WORK REQUEST =>
Copy every record exactly as it stands. Leave the pictures out.

DATA LISTING =>
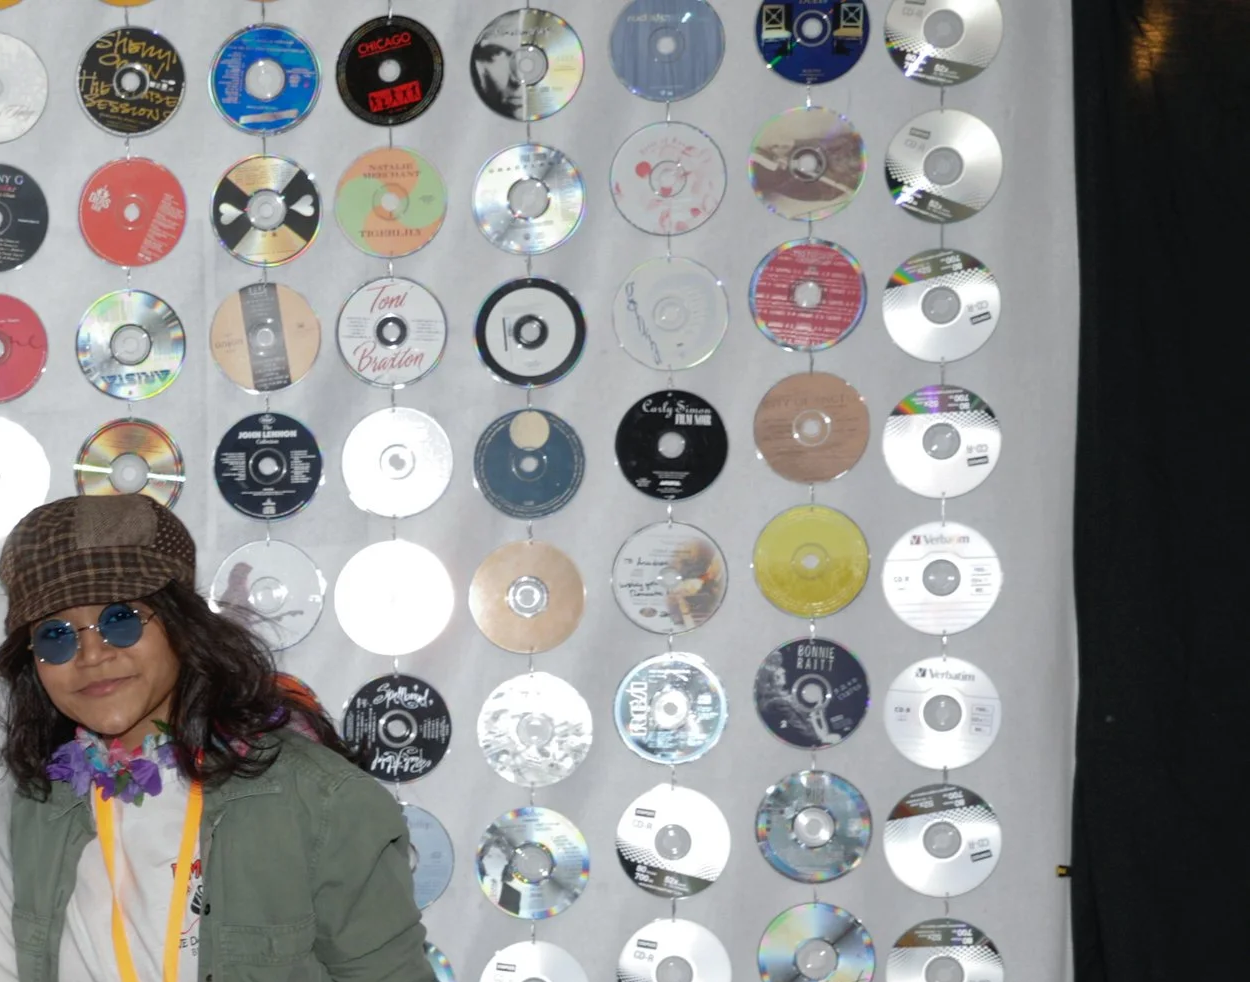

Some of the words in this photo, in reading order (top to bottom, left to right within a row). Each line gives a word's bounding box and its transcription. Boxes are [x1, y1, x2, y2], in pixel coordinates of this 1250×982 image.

[356, 31, 412, 56] CHICAGO
[13, 174, 24, 185] G
[366, 285, 412, 314] Toni
[352, 345, 425, 373] Braxton
[100, 369, 171, 385] ARISTA
[641, 398, 674, 419] Carly
[674, 399, 713, 415] Simon
[238, 430, 262, 439] JOHN
[262, 430, 298, 439] LENNON
[924, 534, 971, 546] Verbatim
[797, 644, 835, 659] BONNIE
[796, 657, 835, 672] RAITT
[928, 669, 976, 682] Verbatim

RESULT BELOW =>
Some of the words in this photo, in reading order (top to bottom, left to right within a row). Each line gives a word's bounding box and its transcription. Boxes are [x1, y1, x2, y2], in pixel coordinates of this 1250×982 image.

[356, 31, 412, 56] CHICAGO
[13, 174, 24, 185] G
[366, 285, 412, 314] Toni
[352, 345, 425, 373] Braxton
[100, 369, 171, 385] ARISTA
[641, 398, 674, 419] Carly
[674, 399, 713, 415] Simon
[238, 430, 262, 439] JOHN
[262, 430, 298, 439] LENNON
[924, 534, 971, 546] Verbatim
[797, 644, 835, 659] BONNIE
[796, 657, 835, 672] RAITT
[928, 669, 976, 682] Verbatim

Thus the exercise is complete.